__PROBLEM TO WORK ON__
Every entry below must be retyped exactly, and the pictures must be left out.

__AVAILABLE DATA__
-------

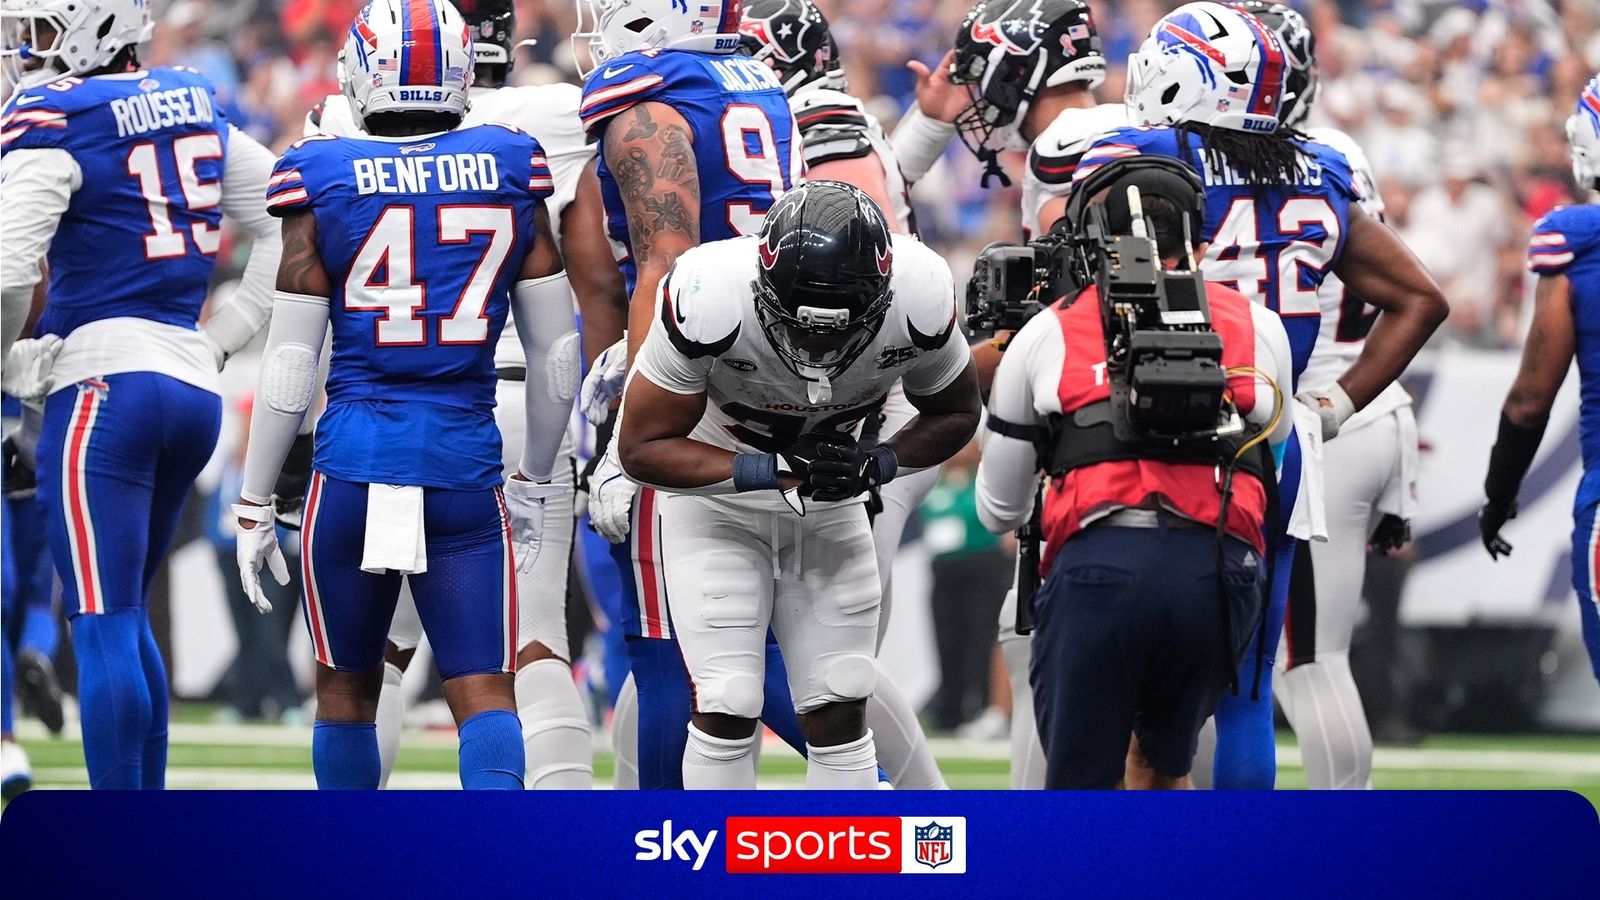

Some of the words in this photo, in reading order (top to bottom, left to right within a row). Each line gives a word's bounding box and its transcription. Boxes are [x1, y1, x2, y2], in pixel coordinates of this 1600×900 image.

[714, 39, 739, 49] BILL
[110, 86, 214, 137] ROUSSEAU
[400, 90, 442, 101] BILLS
[1242, 118, 1276, 132] BILLS
[353, 153, 499, 195] BENFORD
[127, 131, 224, 260] 15
[1197, 195, 1340, 318] 42
[344, 203, 516, 347] 47
[879, 347, 918, 370] 25
[766, 401, 861, 413] HOUSTON

-------

__WRITTEN RESPONSE__
Some of the words in this photo, in reading order (top to bottom, left to right within a row). Each line gives a word's bounding box and its transcription. Boxes are [x1, y1, x2, y2], in pixel coordinates of this 1600×900 image.

[714, 39, 739, 49] BILL
[110, 86, 214, 137] ROUSSEAU
[400, 90, 442, 101] BILLS
[1242, 118, 1276, 132] BILLS
[353, 153, 499, 195] BENFORD
[127, 131, 224, 260] 15
[1197, 195, 1340, 318] 42
[344, 203, 516, 347] 47
[879, 347, 918, 370] 25
[766, 401, 861, 413] HOUSTON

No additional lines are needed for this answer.